Wednesday, August 15, 2018

Do you have what it takes to be published?

Author/Publisher Lou Aronica is going to give 10 lucky people the chance of a lifetime by allowing them to pitch story ideas to be included in an upcoming anthology.

How often do you hear about something that sounds too good to be true? Well, I am here to offer 10 lucky winners the opportunity of a lifetime.

New York Times bestselling co-author, novelist, and former Publisher of Avon Books and Berkley Books, Lou Aronica has created a unique and exciting offer to anyone that is going to follow his upcoming book tour with Pump Up Your Book. His extensive experience in the publishing and editing fields has given him insight into an industry that continues to grow and change daily. Once again, that insight has led him to offer a contest that is truly special in so many ways. Lou will be accepting story pitches from followers of his blog tour. These story pitches must be for short stories pertaining to the fantasy world of his novel, “Blue.” This contest will allow 10 lucky people the opportunity of a lifetime, the chance to have their story published in an upcoming companion anthology to “Blue.” Lou will hand pick the winners, edit their stories, include them in the anthology and give them a pro-rated share of the royalties. How can you pass up an opportunity like this?

Now for the details:

The pitch should include a synopsis of the proposed story and a sample of the submitting author’s fiction writing.
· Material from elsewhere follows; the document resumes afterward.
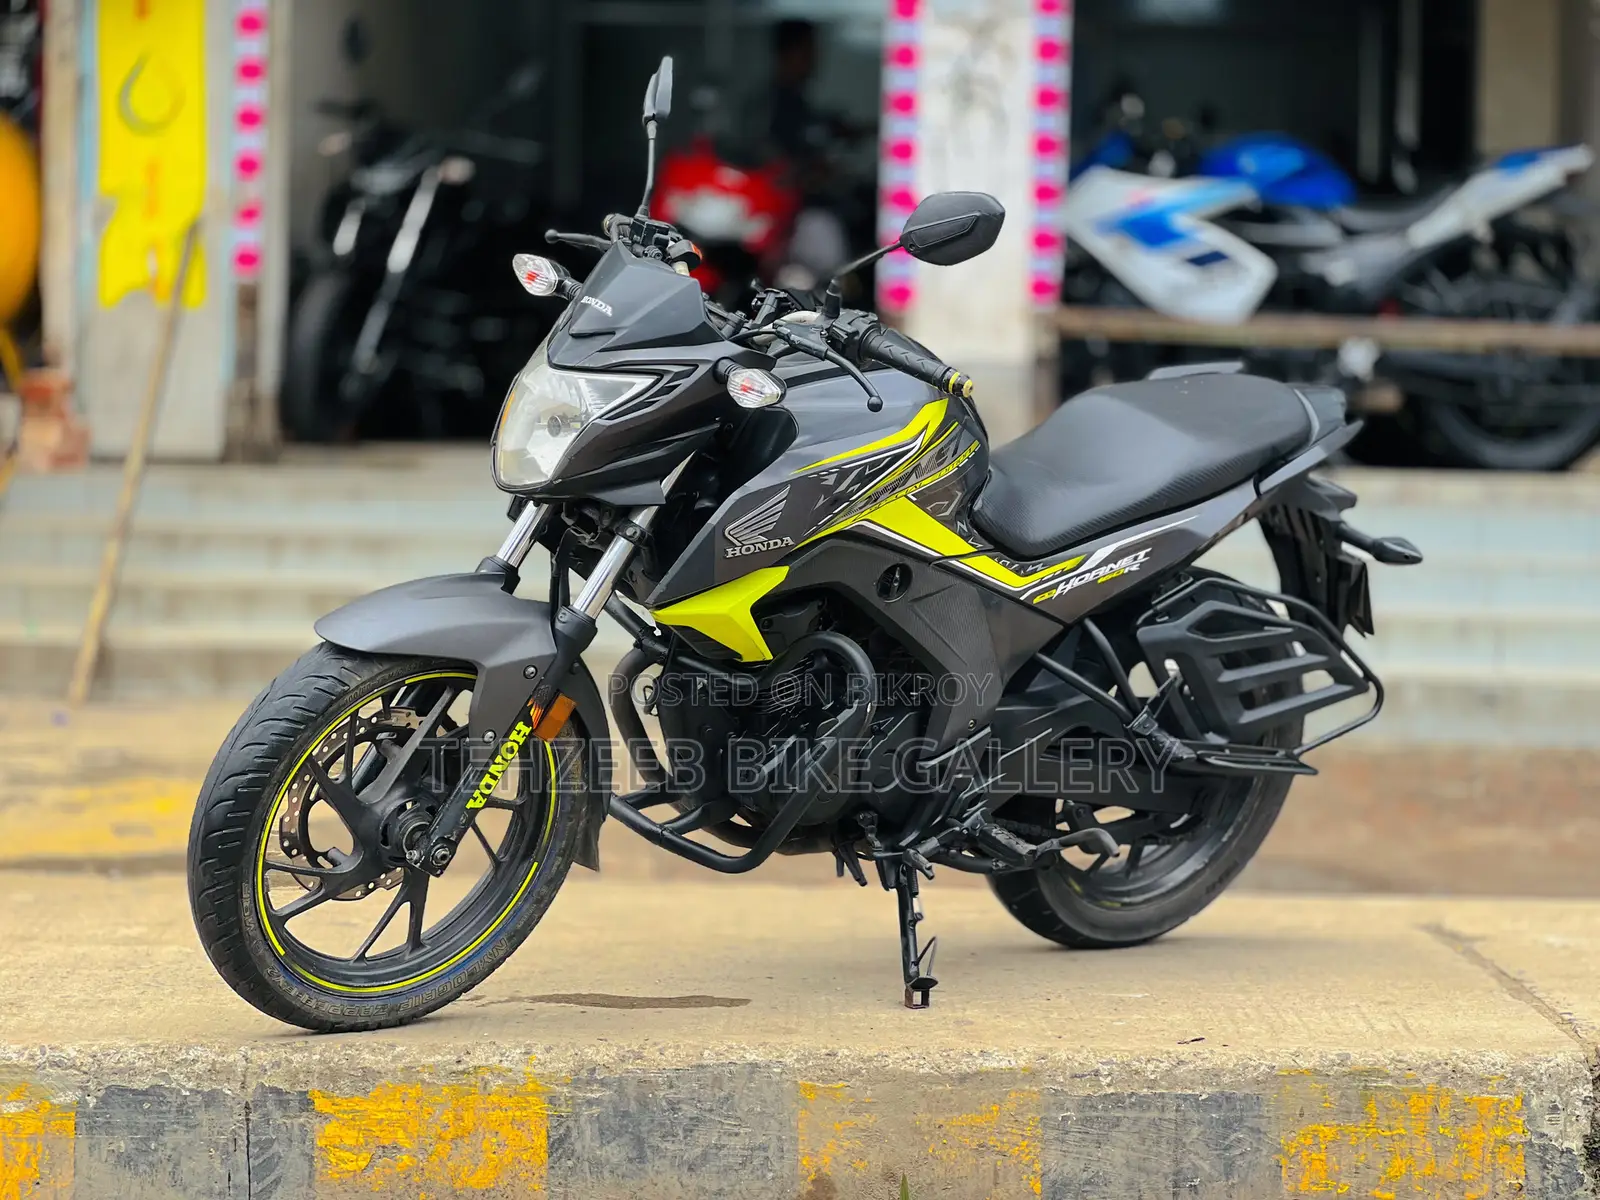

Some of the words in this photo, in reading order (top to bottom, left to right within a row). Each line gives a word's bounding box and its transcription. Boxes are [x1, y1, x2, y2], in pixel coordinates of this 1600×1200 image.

Specify the expected length of the story.

The pitch needs to be submitted by April 16, 2011

Please email your submission to Lou at

All winners will be notified by email by May 27, 2011.

Lou Aronica is the author of several novels and works of nonfiction, including the New York Times bestseller, The Element (written with Ken Robinson) and the national bestseller, The Culture Code (written with Clotaire Rapaille). He lives in Southern Connecticut with his wife and four children.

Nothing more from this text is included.